Look PC-Engine, it is well known that no display currently on the market can produce the gamut that the human eye sees. This is scientific fact, and the work that the ICC did since 1931 is based on this fact. This is basic computer graphics theory. You can go out and buy a colorimeter or photospectrometer and do the tests yourself to prove it, and after you measure the range of an LCD's gamut, you'll see that it doesn't come close to matching the human gamut. No display can match the eye's color space. You are totally misunderstanding the problem by looking at RGB or how many pixel variations you can display. It's totally irrelevent.
The 16 million color argument is an urban myth. Let's say that the eye is capable of seeing colors from 0.0 to 1.0 on a real line. Your LCD display may be able to reproduce colors from 0.2 to 0.7, and it may have extremely fine detail between those ranges (say, 16 million different colors between 0.2 and 0.7, each color spanning 0.5/2^24 interval), but it misses half the colors the eye can see. In truth, the eye might not even be able to see more than 7 million distinct colors, but the colors where the LCD is concentrating all of it's resolution in are wasted, because it's a small range.

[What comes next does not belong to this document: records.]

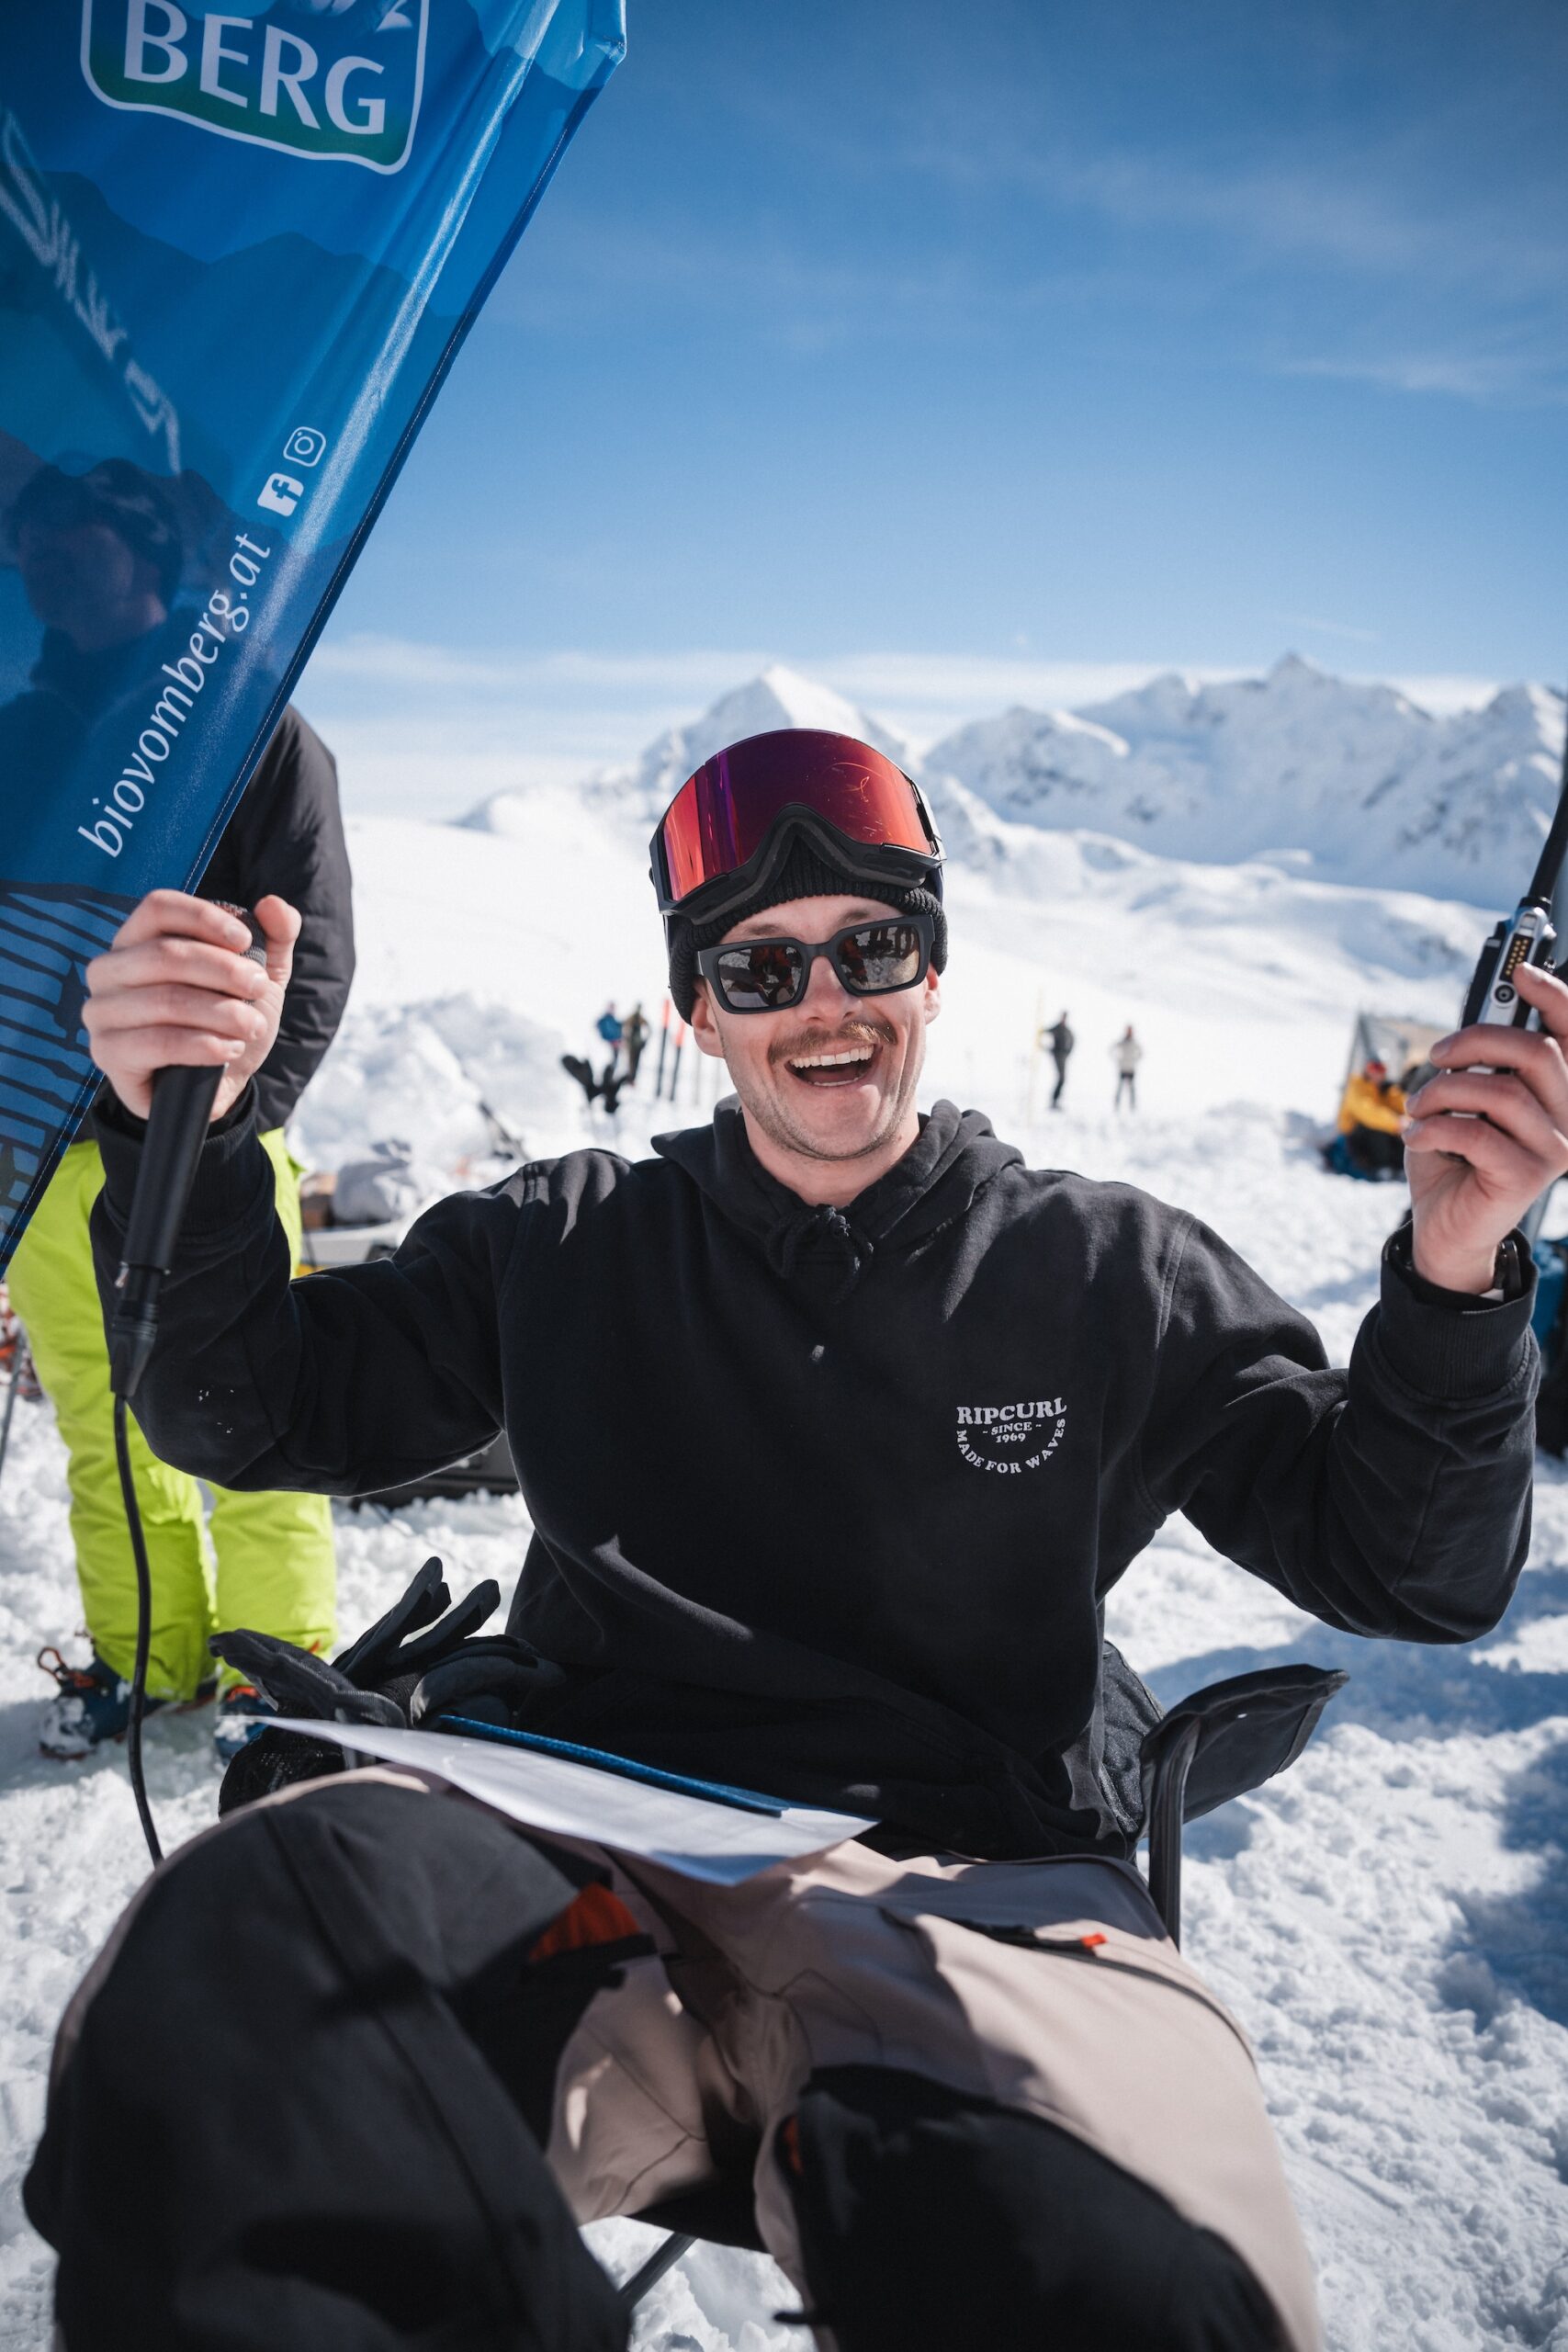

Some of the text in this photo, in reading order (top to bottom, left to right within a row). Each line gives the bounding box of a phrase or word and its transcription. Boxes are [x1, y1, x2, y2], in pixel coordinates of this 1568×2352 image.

[124, 0, 386, 134] BERG
[77, 532, 270, 858] biovomberg.at
[956, 1396, 1067, 1425] RIPCURL
[990, 1421, 1032, 1436] SINCE
[956, 1418, 1066, 1474] MADE FOR WAVES
[995, 1432, 1026, 1443] 1969
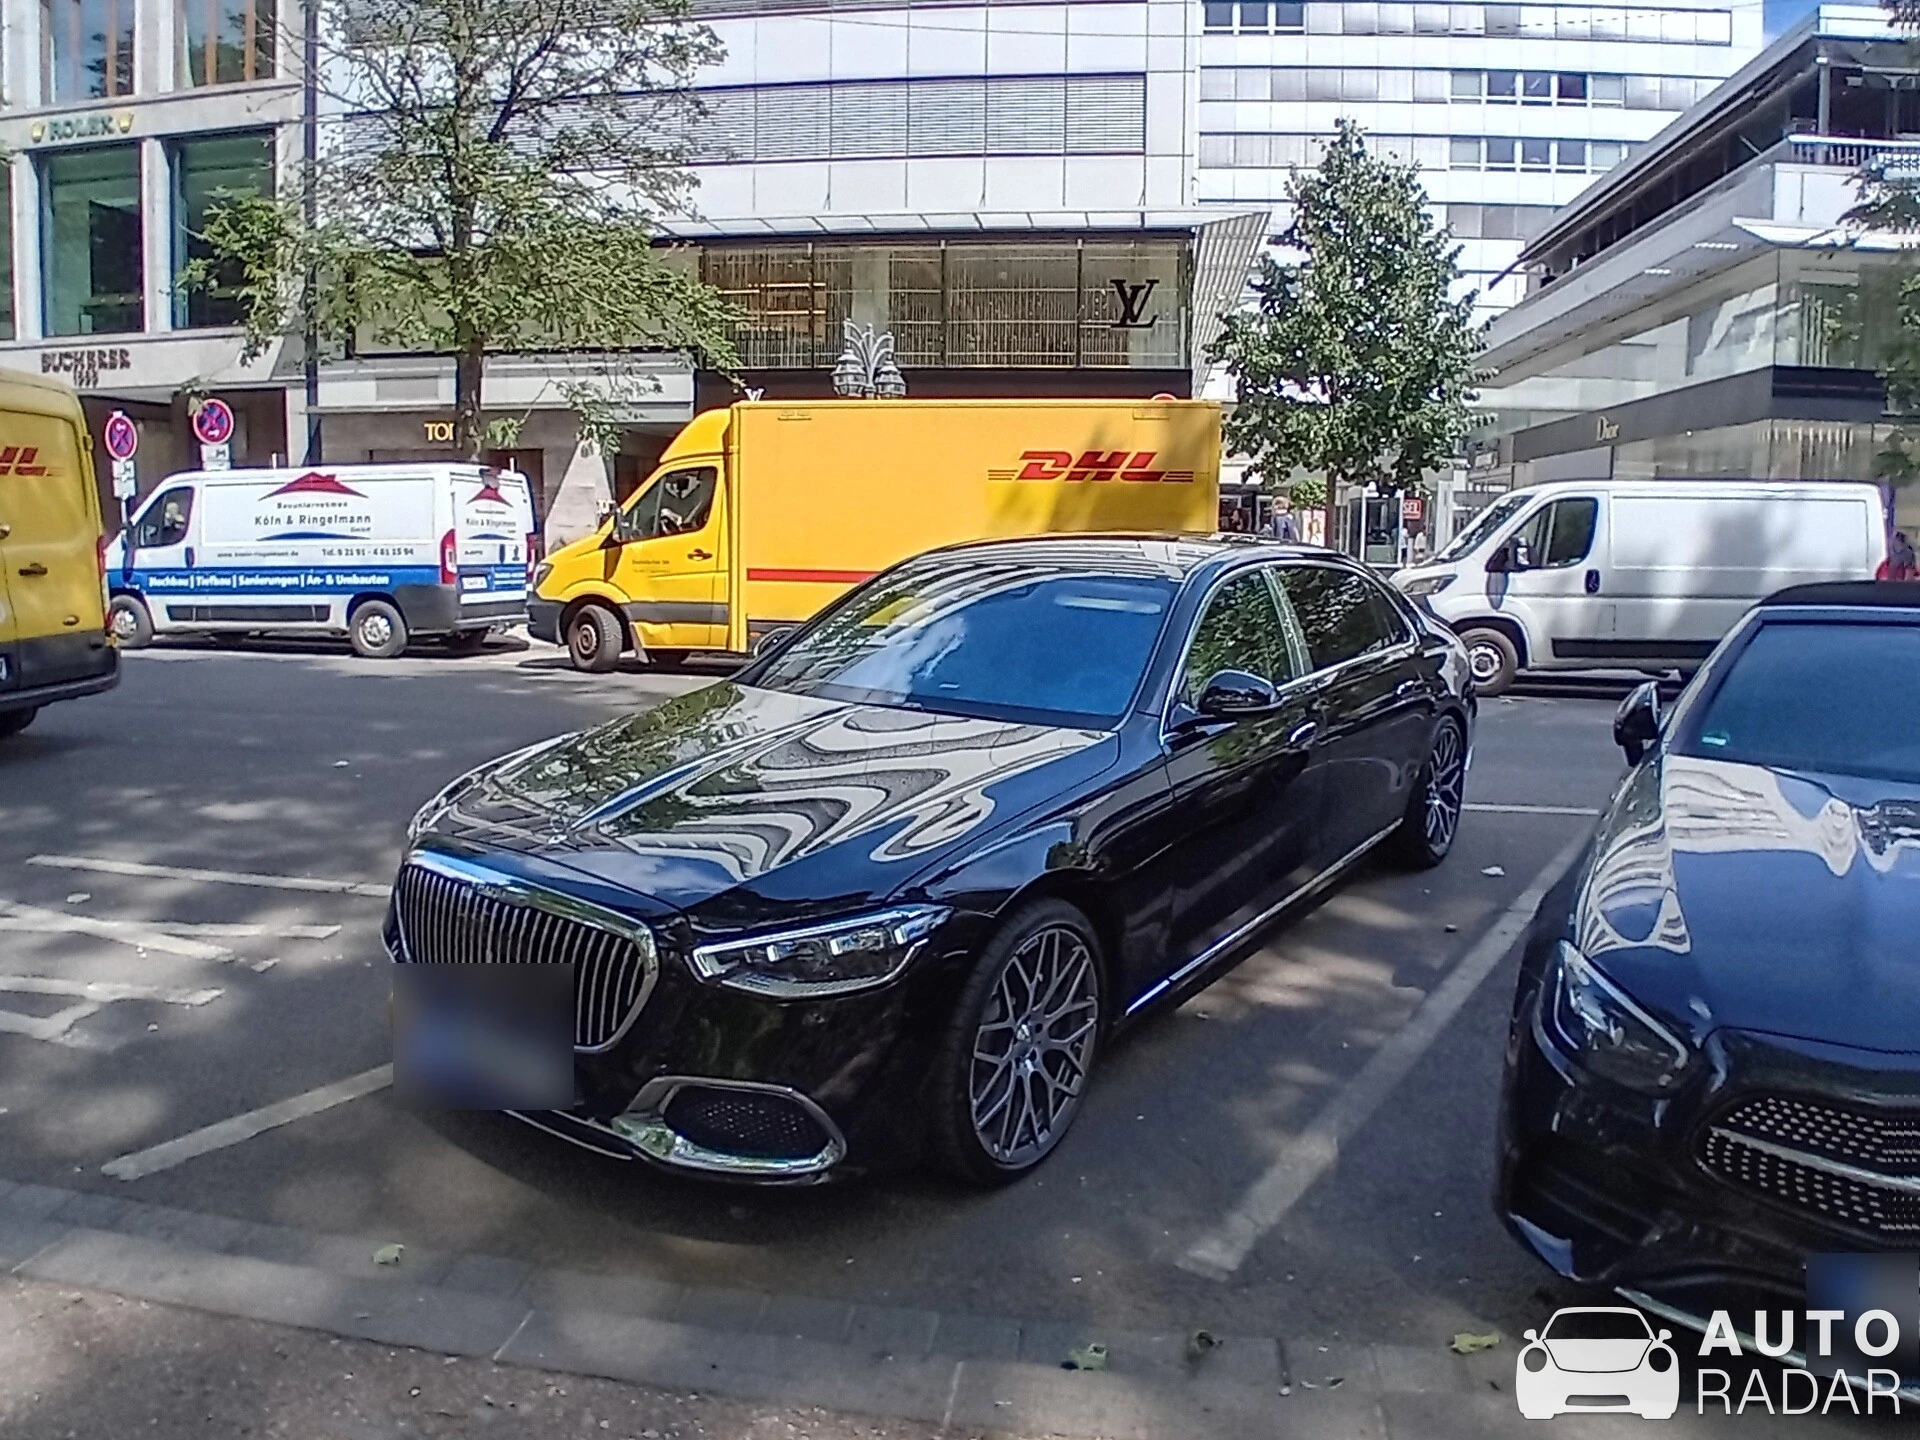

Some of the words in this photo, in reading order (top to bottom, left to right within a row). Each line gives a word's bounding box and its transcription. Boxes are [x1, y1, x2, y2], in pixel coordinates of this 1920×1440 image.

[48, 114, 115, 142] ROLEX
[41, 348, 131, 373] BUCHERER
[1596, 415, 1620, 441] Dior
[1015, 450, 1166, 482] DHL
[286, 515, 293, 525] &
[299, 514, 371, 526] Ringelmann
[335, 573, 390, 585] Umbauten

An LCD could produce a BILLION shades of red alone (let's say, 32-bits for red, 32-bits for green, and 32-bits for blue) and you'd still be wrong, because all 4 billion shades would be in a narrow range.
The eye's color system might have less resolution (but greater range) than a typical 16 million color display, but the eye's luminance system has way more resolution and range. Human beings have been tested to be able to detect less than 10 photons, which is extremely dim light, and they can also see in extraordinary bright light that would way overexpose any camera, even if it's been stopped down and set to 1/4000th of a second exposure. Of course, the usable range is well over 10 photons (overwise, we wouldn't need military night vision), but the overall range blows away any display.
You think any display on the market can even begin to approximate (via say, showing you an image) that compares to your experience in a dimly lit room or moonlit night? No low light scenes on an LCD have I ever seen even get close to the rich creamy shadows of a candlelit scene.